Financial analysis only tells part of the story. Owning a home takes time and mental energy—two resources residents have in short supply.

When the furnace dies during your ICU month, you’re the one dealing with it. When the roof leaks, that’s your problem. Some residents handle this fine; others find it adds stress they don’t need.

Renting means calling the landlord and moving on with your life. There’s real value in that simplicity during training, even if it doesn’t show up on a spreadsheet.

Consider your personality and your program’s demands. A chill outpatient-heavy program might leave room for homeownership logistics. A brutal surgical residency might not.

What About New Attendings?

The calculus shifts significantly once you’re earning an attending salary. You have more financial cushion, likely more location stability, and a longer time horizon.

That said, don’t rush. Many new attendings feel pressure to buy immediately—finally, the “real” paycheck has arrived. But if you’re still figuring out whether you’ll stay at your first job, renting for a year while you get your bearings is perfectly reasonable.

The physician mortgage will still be there in 12 months. So will the housing market. Taking time to understand your new city and confirm your job is a good fit can save you from an expensive mistake.

A Simple Decision Framework

Ask yourself these questions:

  1. How long will I realistically stay?
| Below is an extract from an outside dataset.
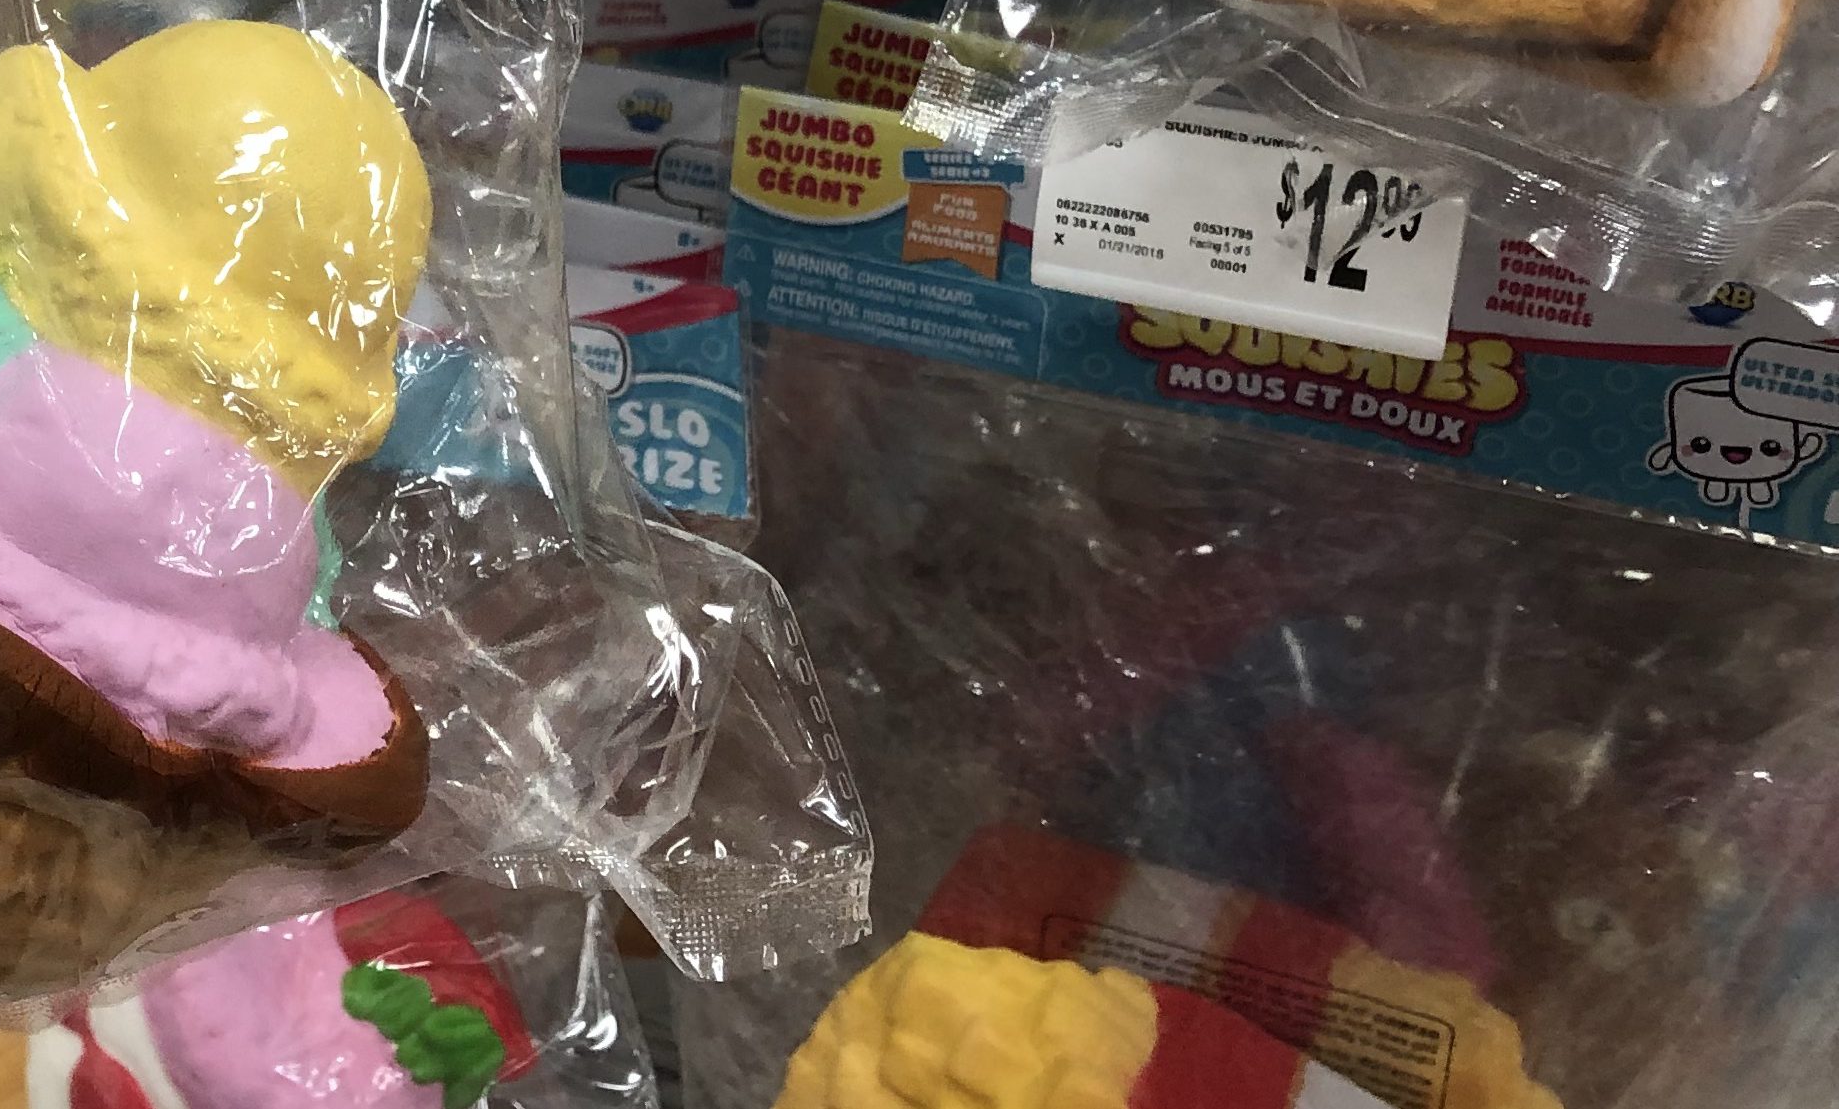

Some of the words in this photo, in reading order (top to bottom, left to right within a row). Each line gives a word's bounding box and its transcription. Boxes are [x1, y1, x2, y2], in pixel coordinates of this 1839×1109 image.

Less than 3 years = lean toward renting.
  2. What does my local market look like? LCOL with reasonable prices = buying is more viable. HCOL = renting is often smarter.
  3. Can I afford the true cost of ownership? Include maintenance, taxes, insurance—not just the mortgage payment.
  4. Do I have the bandwidth for homeownership? Be honest about your time and stress tolerance.
  5. What’s my backup plan if I need to move? Could you rent it out? Afford to sell at a loss?

The Bottom Line

Renting during residency isn’t a failure, and buying isn’t automatically a win. The right choice depends on your training length, location, market conditions, and personal bandwidth.

Run the numbers for your specific situation. Be honest about your timeline. And don’t let anyone—including well-meaning family members—pressure you into a decision that doesn’t fit your reality.

Your financial life as a physician is a marathon. This is one decision among many. Make it thoughtfully, and you’ll be fine either way.